Il prezzo del petrolio rimbalzerà ancora?

Il prezzo del petrolio è il bastone, la Bce di Mario Draghi e la Fed di Janet Yellen le carote. Su queste basi, ovvero sulla terza settimana di recupero del barile e sulle attese dei meeting del 10 e del 16 marzo delle due banche centrali, si è finalmente innestata la prima significativa reazione dopo il traumatico avvio del 2016, in pesante rosso fino al minimo dell’11 febbraio e poi incerto poco sopra i minimi fino alla fine dello scorso mese.
Il rimbalzo, insomma, è partito, come dimostrano i numeri del Ftse Mib di Piazza Affari che era arrivato a perdere oltre il 25% dai valori di inizio 2016 a quota 15,773 e che da quel livello ha già recuperato quasi il 16% ridimensionando il passivo da inizio anno al 14,6% (venerdì 4 ha chiuso a 18.278).

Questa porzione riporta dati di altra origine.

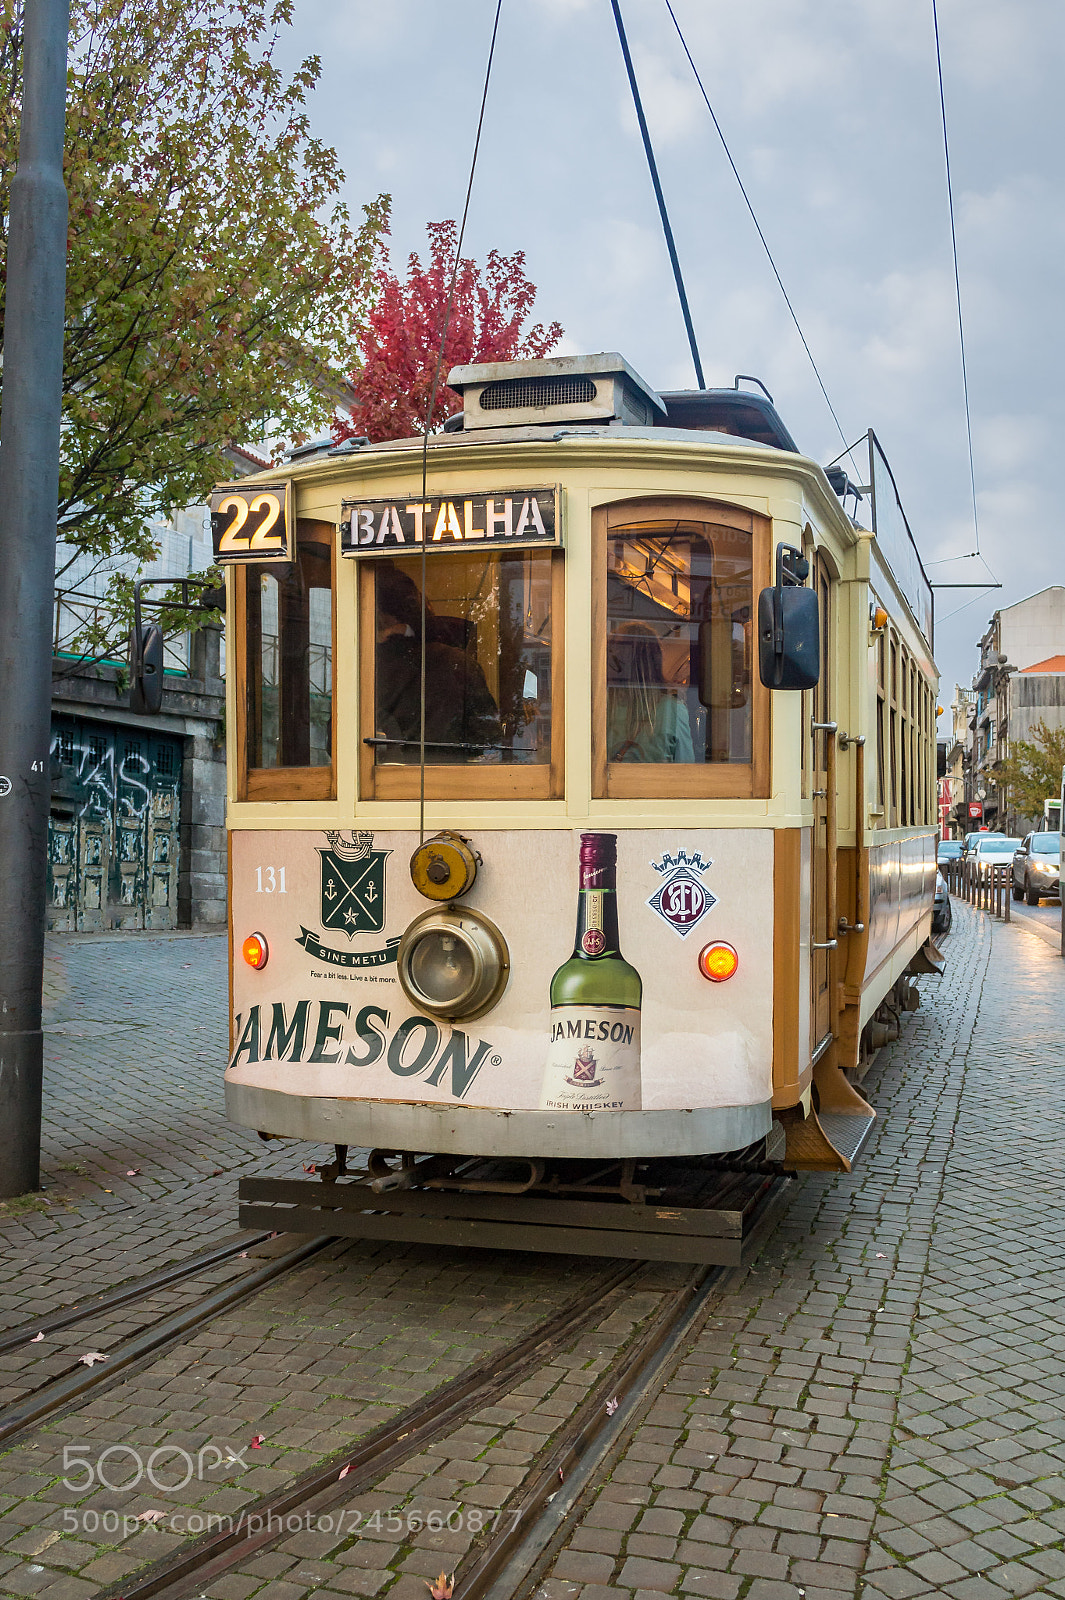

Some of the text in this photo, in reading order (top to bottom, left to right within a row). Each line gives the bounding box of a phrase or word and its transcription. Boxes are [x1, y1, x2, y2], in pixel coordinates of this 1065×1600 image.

[217, 493, 282, 551] 22
[350, 497, 547, 546] BATALHA
[30, 760, 44, 773] 41
[254, 866, 288, 893] 131
[319, 949, 387, 965] SINE METU
[310, 970, 323, 978] Fear
[349, 974, 363, 982] Live
[550, 1019, 635, 1045] JAMESON
[546, 1100, 624, 1110] IRISH WHISKEY
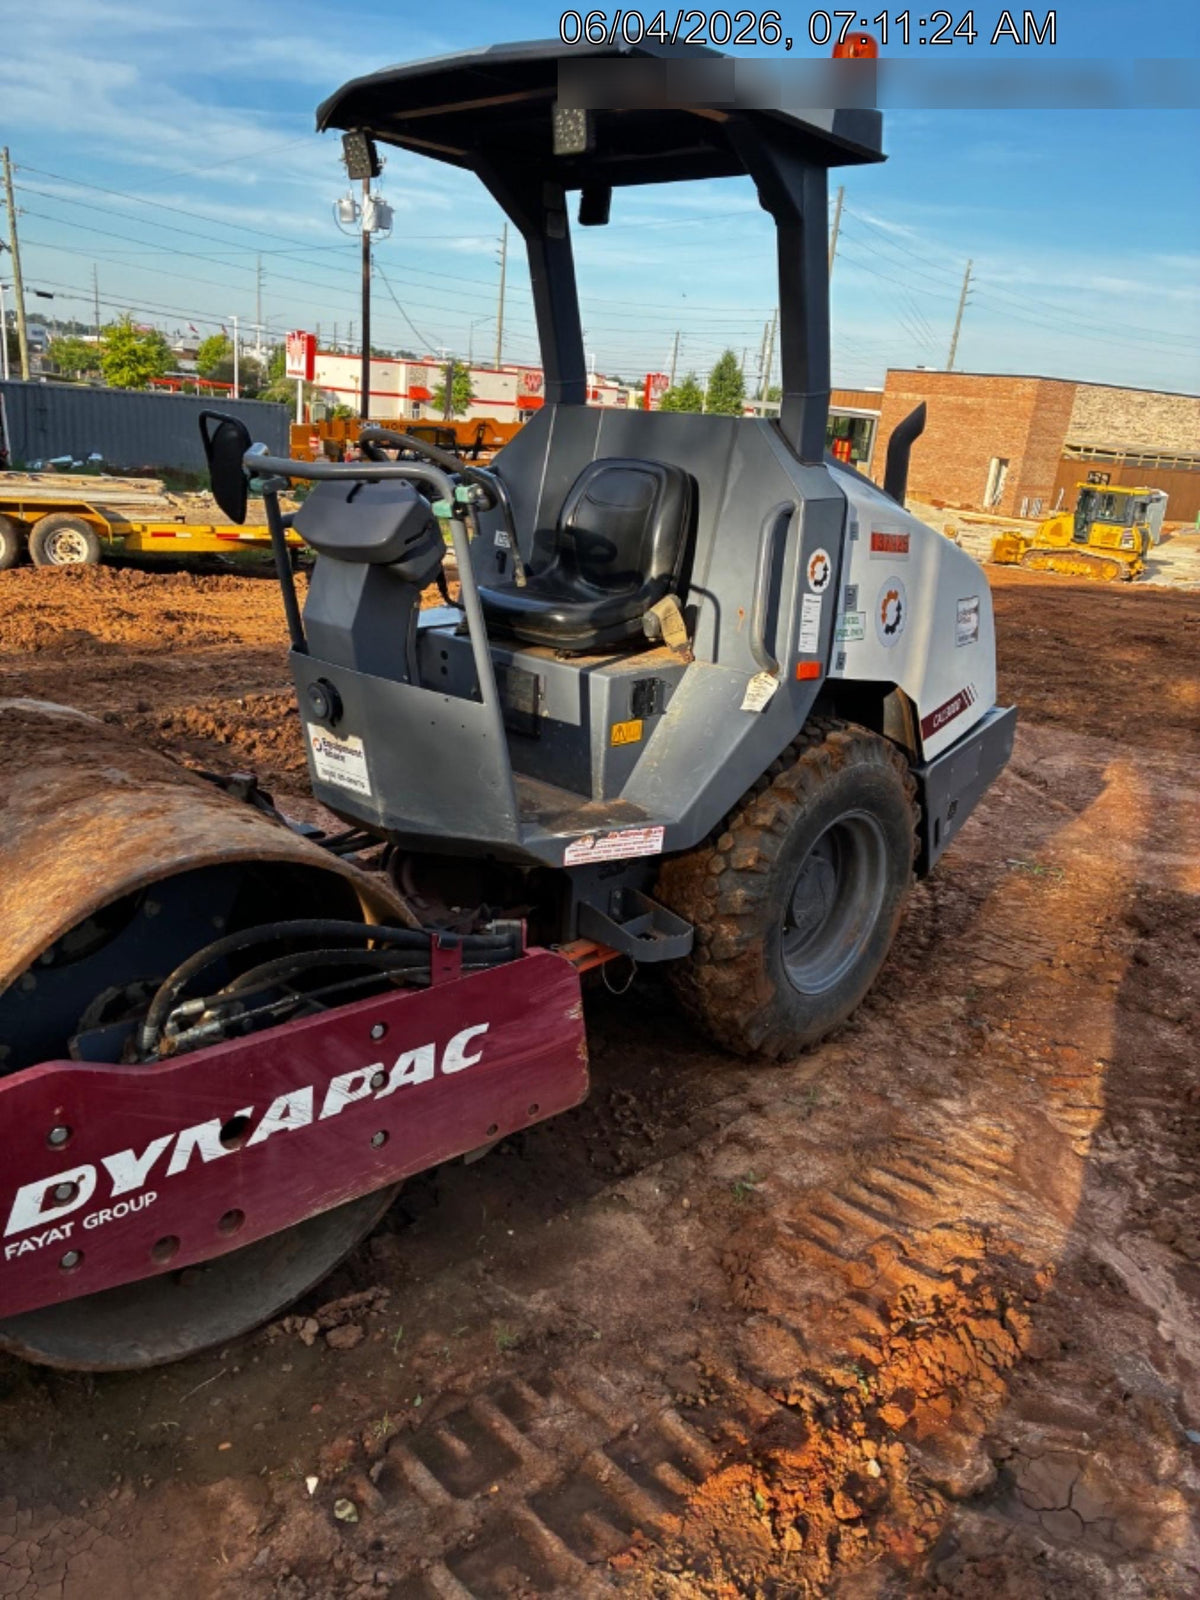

All’interno del paniere MF Italy40 che racchiude le blue chip di Milano ci sono solo due segni più (Moncler, Snam ) e due pareggi (Ferragamo  e Terna ) nel saldo 2016, ma appare più significativo il recupero dai minimi di alcune delle azioni più bastonate nelle prime settimane con rimbalzi superiori al 30% per Fca, Bper, Saipem, Unicredit  ed Exor e superiori al 20% per altri 14 titoli.
Insomma, gli elementi che erano stati indicati come ragioni della caduta – ossia il rallentamento della Cina, il timore di nuovi sforzi patrimoniali all’orizzonte delle banche di Eurolandia (poi smentiti e chiariti dall’Eurotower), le incertezze sulla sostenibilità del tasso di crescita degli utili da parte della Corporate America e la crisi dilagante nei Paesi emergenti – e che avevano improvvisamente convinto gli investitori che i listini azionari presentavano più rischi al ribasso rispetto alle chance di rialzo, dando il via alle vendite, sono stati riposti in un cassetto.
E così si è arrestato anche l’avvitamento al ribasso generato dagli algoritmi di trading, che esasperano i movimenti dei listini.
Al di là degli algoritmi e dei sistemi automatici, è stato il petrolio la variabile scatenante della super volatilità dei primi due mesi sui mercati: il cedimento dei prezzi minimi del 2009, tra 34 e 33 dollari al barile, avvenuto nelle prime battute dell’anno da un lato ha fatto squillare un nuovo allarme sui conti già precari in cui versano molti Paesi emergenti produttori di materie prime, Brasile in testa, e dall’altro ha imposto ai Paesi che hanno costi di produzione petrolifera più elevati rispetto alle quotazioni di mercato di far fronte allo squilibrio economico attingendo risorse finanziarie dal proprio salvadanaio, ovvero dai fondi sovrani, che a loro volta hanno dovuto vendere asset (tra cui le azioni) per far fronte alle necessità di cassa dei loro governi.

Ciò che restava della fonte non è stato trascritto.